> _Your objective_:
An exact copy of every entry is the answer here, with no pictures.

*** Opening of Recorded information ***

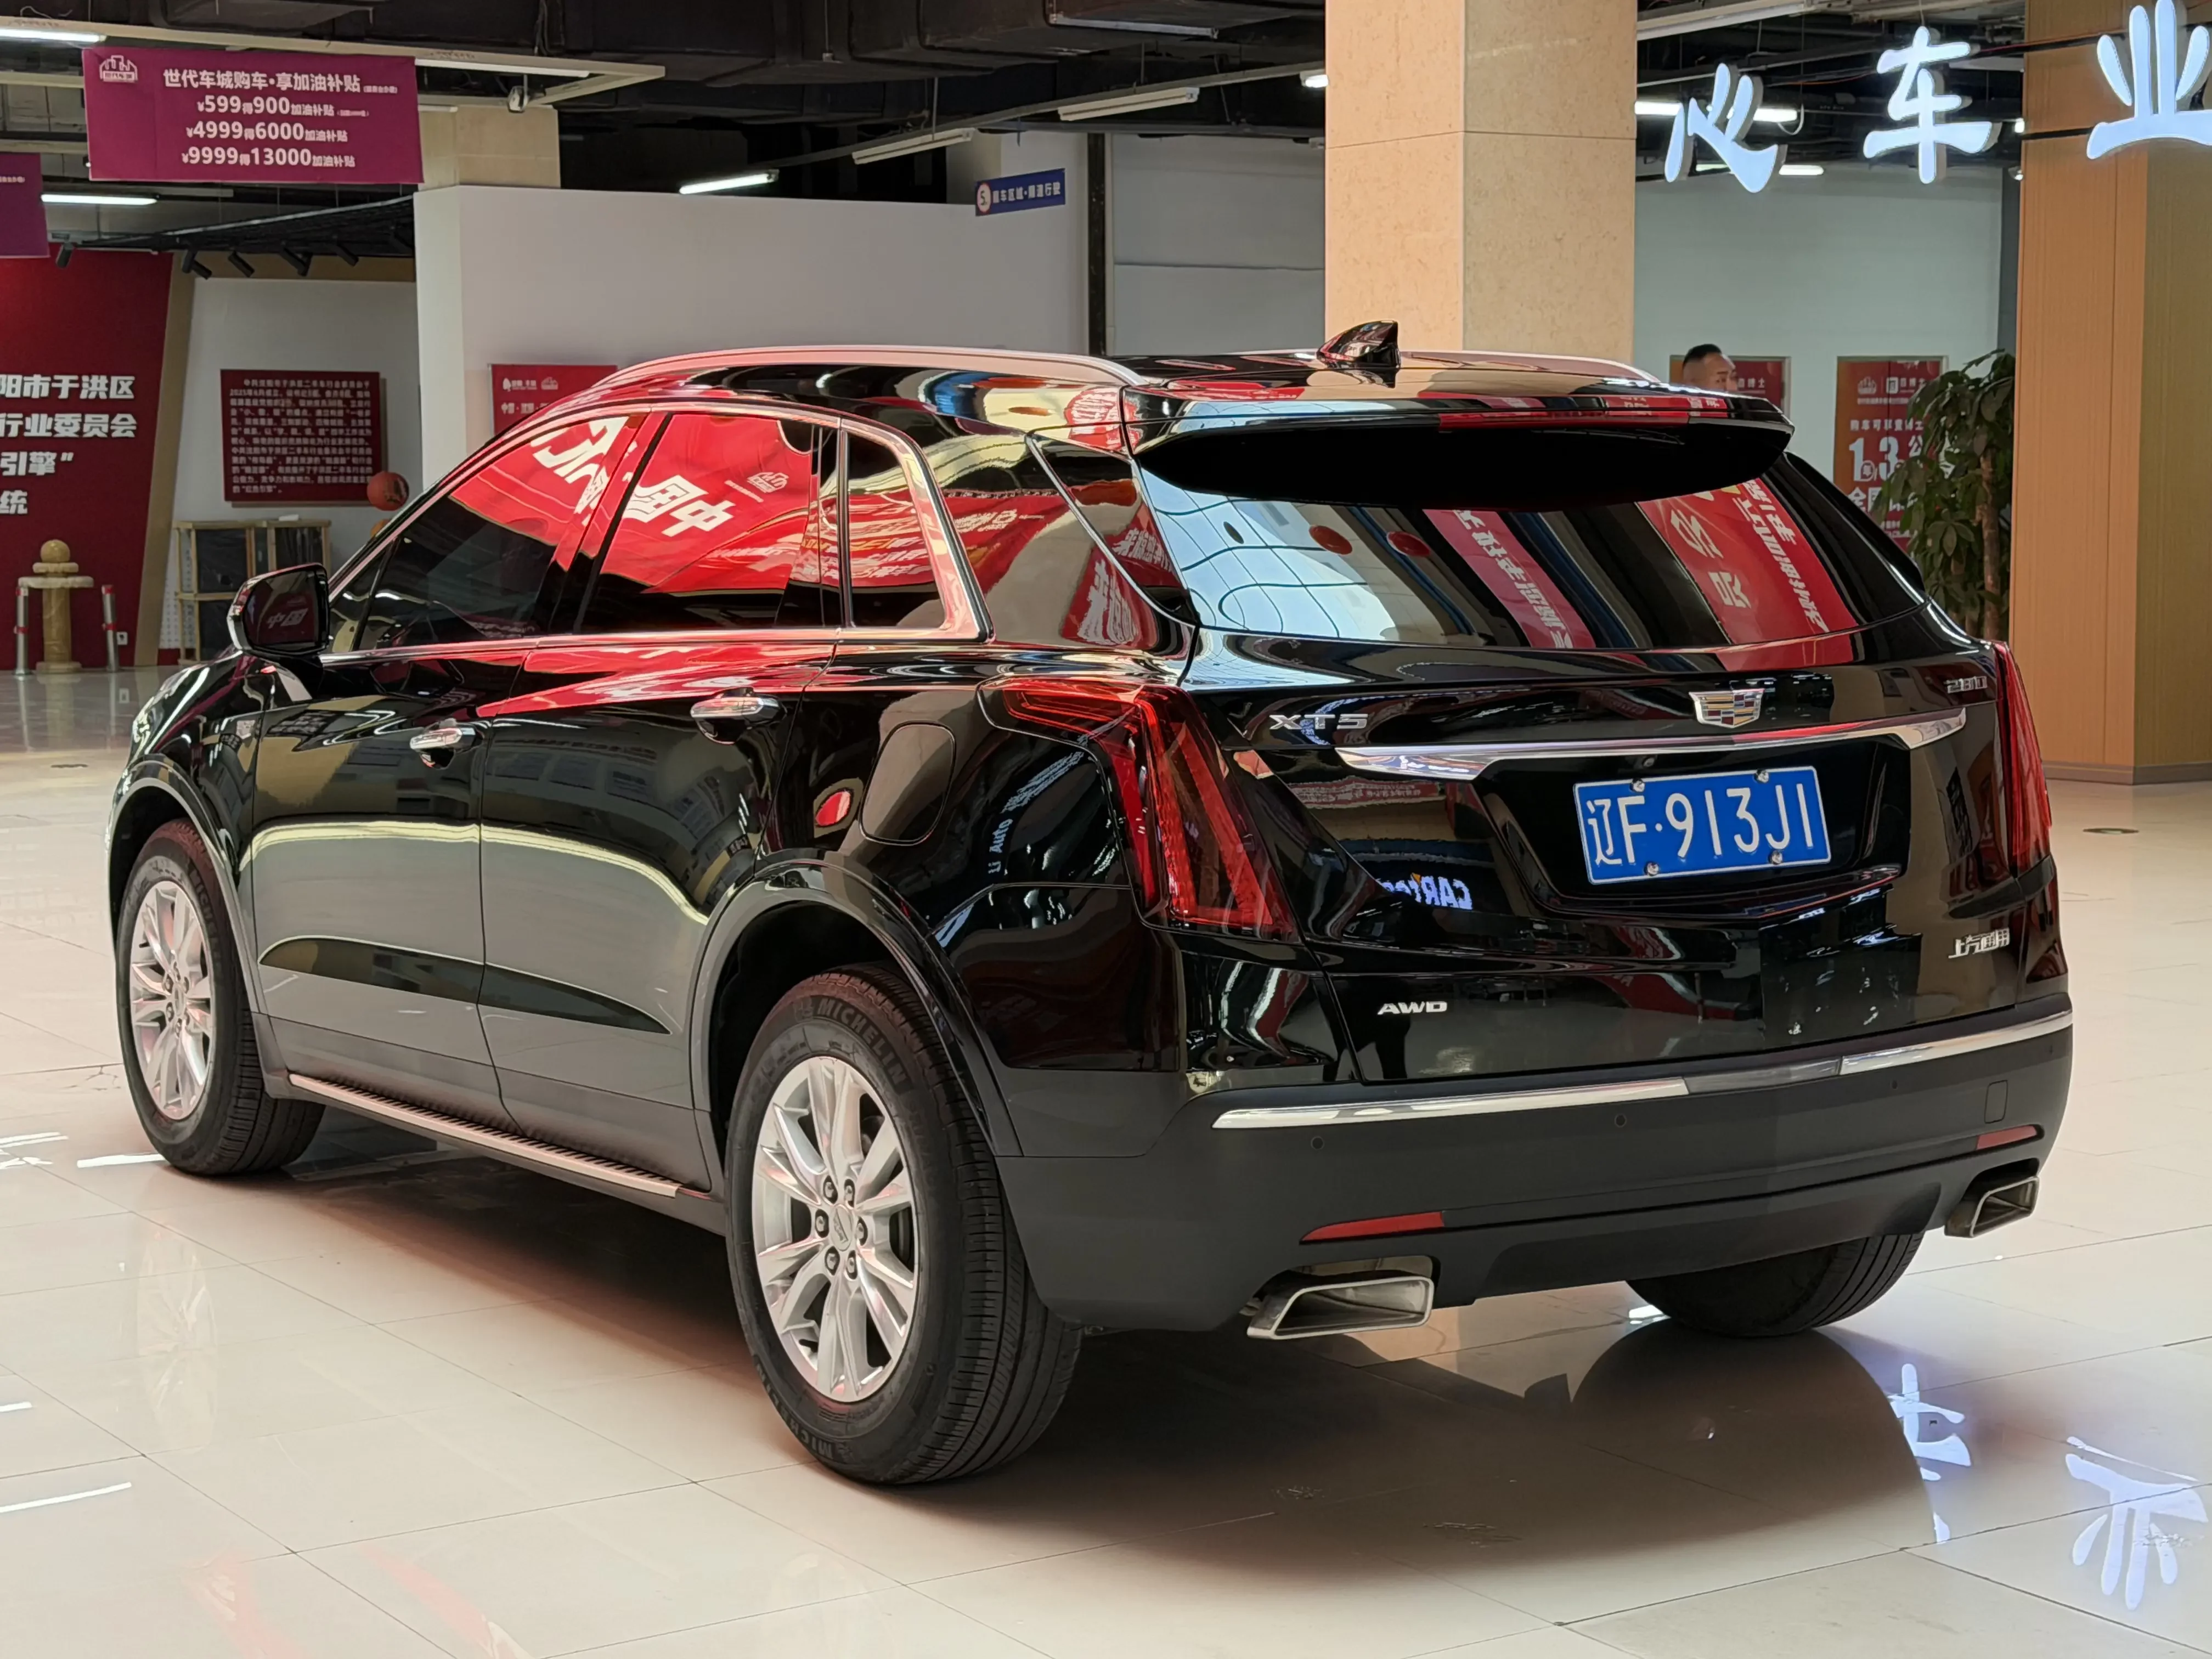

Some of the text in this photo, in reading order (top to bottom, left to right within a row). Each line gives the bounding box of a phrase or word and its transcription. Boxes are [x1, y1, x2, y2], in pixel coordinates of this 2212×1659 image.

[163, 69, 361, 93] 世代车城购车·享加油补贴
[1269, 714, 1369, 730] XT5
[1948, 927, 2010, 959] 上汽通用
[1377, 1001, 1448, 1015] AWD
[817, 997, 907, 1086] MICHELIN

*** Close of Recorded information ***

> _Solution to this exercise_:
Some of the text in this photo, in reading order (top to bottom, left to right within a row). Each line gives the bounding box of a phrase or word and its transcription. Boxes are [x1, y1, x2, y2], in pixel coordinates of this 2212×1659 image.

[163, 69, 361, 93] 世代车城购车·享加油补贴
[1269, 714, 1369, 730] XT5
[1948, 927, 2010, 959] 上汽通用
[1377, 1001, 1448, 1015] AWD
[817, 997, 907, 1086] MICHELIN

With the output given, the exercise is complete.